On May 17, 2021, Powers principal Ron Connelly won an important federal court case for several teaching hospitals that should result in significant Medicare repayments to those hospitals.  The U.S. District Court for the District of Columbia agreed that a Medicare regulation unlawfully under reimbursed those hospitals because they trained post-graduate fellows rather than residents within their initially residency period.

The Medicare statute reimburses teaching hospitals for direct graduate medical education (DGME) costs.  The statute sets a cap on the number of full-time equivalent (FTE) residents that a hospital may claim that is equal to the number that it trained in 1996.  The statute also sets “weighting” factors for residents.  Residents who are in the first five years of training, known as the “initial residency period,” are weighted at 1.0, meaning that all of their training time is counted in the payment calculation.  Residents who are training beyond the five-year initial residency training are weighted at 0.5, meaning that only half their time is included in the payment calculation.  These latter trainees are usually participating in post-residency fellowship programs.

The Centers for Medicare & Medicaid Services (CMS) issued a regulation that reduces the statutory weighting factors and prevents hospitals from reaching the 1996 cap when they train fellows (or any other resident who is beyond the initial residency period).  Powers argued that the regulation is unlawful because it violates the statutory cap and weighting factors.  The D.C. District Court agreed that the regulation invalidly reduces the weighting factors:  “Simply put, the text of the statute does not give the Secretary the latitude to decide, under these conditions, to change the weights that Congress assigned to residents and fellows when he calculates the FTE residents for each hospital. Rather, the statute is clear: the Secretary’s rules ‘shall provide, in calculating the number of full-time-equivalent residents in an approved residency program,’ that residents be weighted at 1.0 and fellows at 0.5.”

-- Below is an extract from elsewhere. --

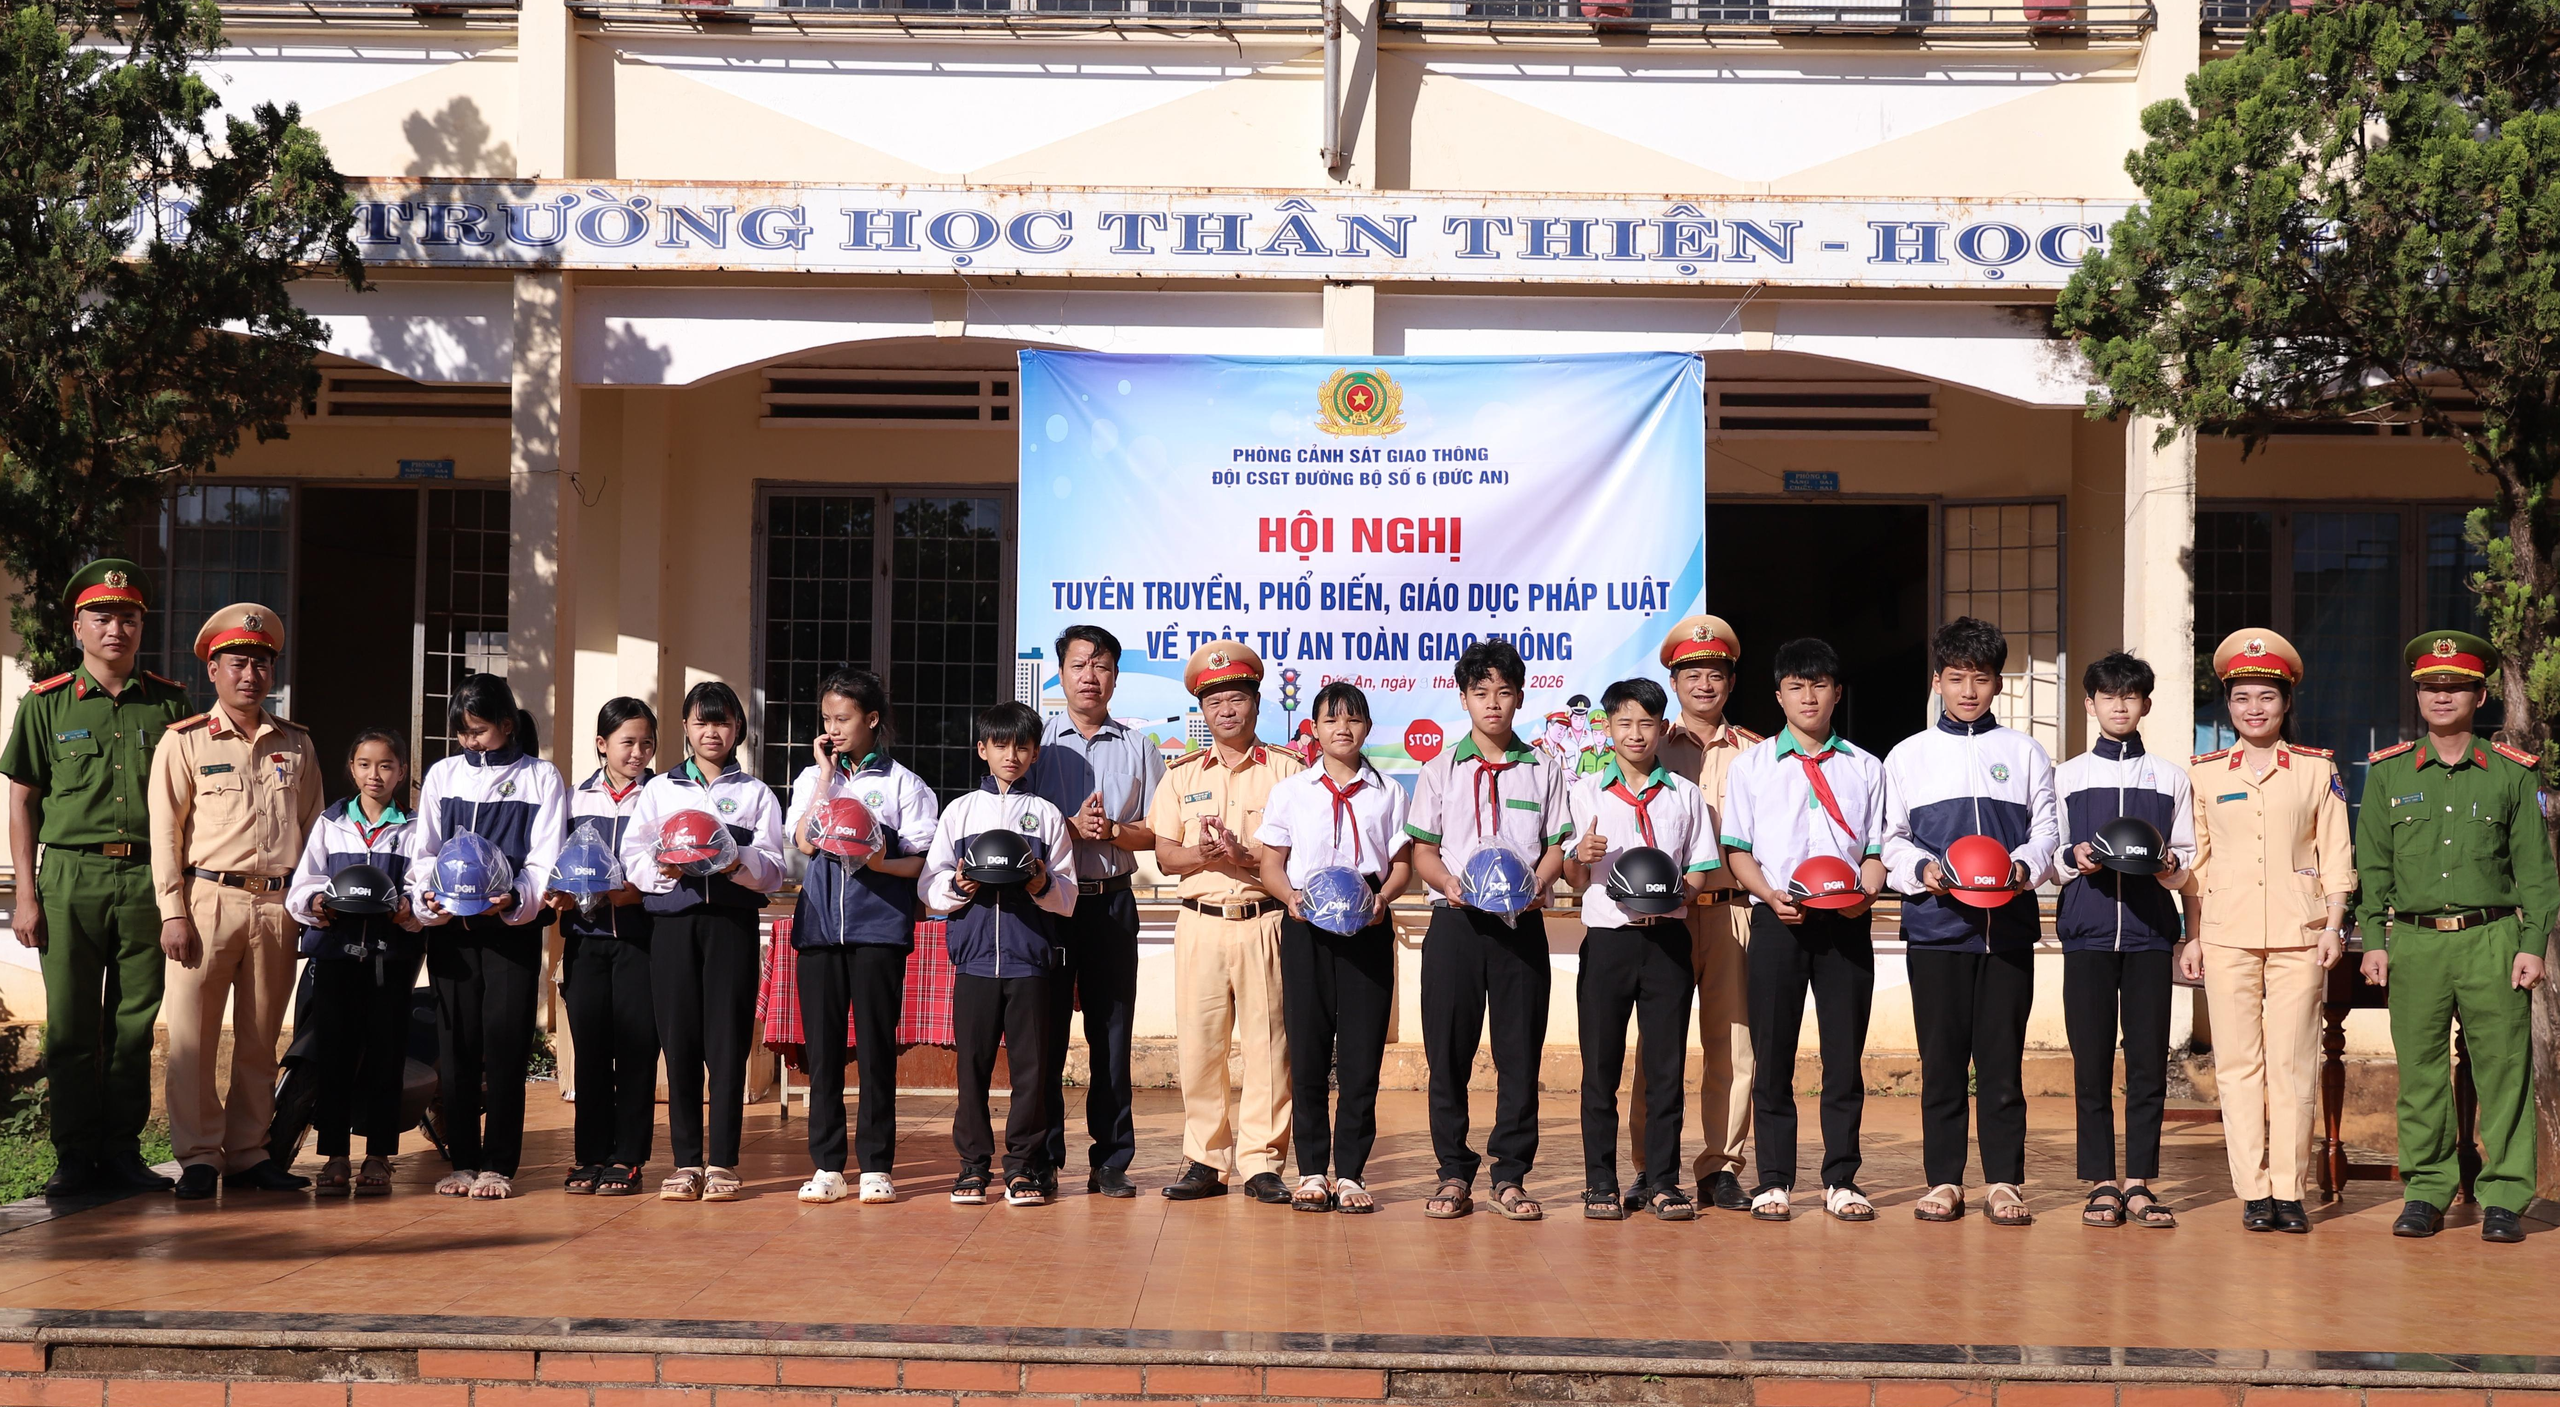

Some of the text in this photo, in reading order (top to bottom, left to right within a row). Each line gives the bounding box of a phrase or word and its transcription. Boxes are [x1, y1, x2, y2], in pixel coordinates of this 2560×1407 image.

The decision is Milton S. Hershey Medical Center v. Becerra, No. 1:19-cv-2680-TJK, and is available here.  The case was spearheaded by Powers’ client, GME Solutions, LLC, which is a national GME consulting firm.  GME Solutions discovered that CMS’s regulation underpaid providers, and Powers identified how the regulation unlawfully deviates from the Medicare statute.  Powers filed the case in September 2019 on behalf of Milton S. Hershey Medical Center and numerous other GME Solutions clients.

The decision may impact any teaching hospital that is both over its DGME FTE cap and that trains residents who are beyond the five-year initial residency period.  These teaching hospitals should consider contesting their DGME payments by protesting this issue when filing their cost reports and by appealing to the Provider Reimbursement Review Board when they receive a Notice of Program Reimbursement.  The reimbursement impact of this decision can be substantial.  Each hospital will be impacted differently depending upon how many residents they train and how many of those residents are beyond their initial five year residency period.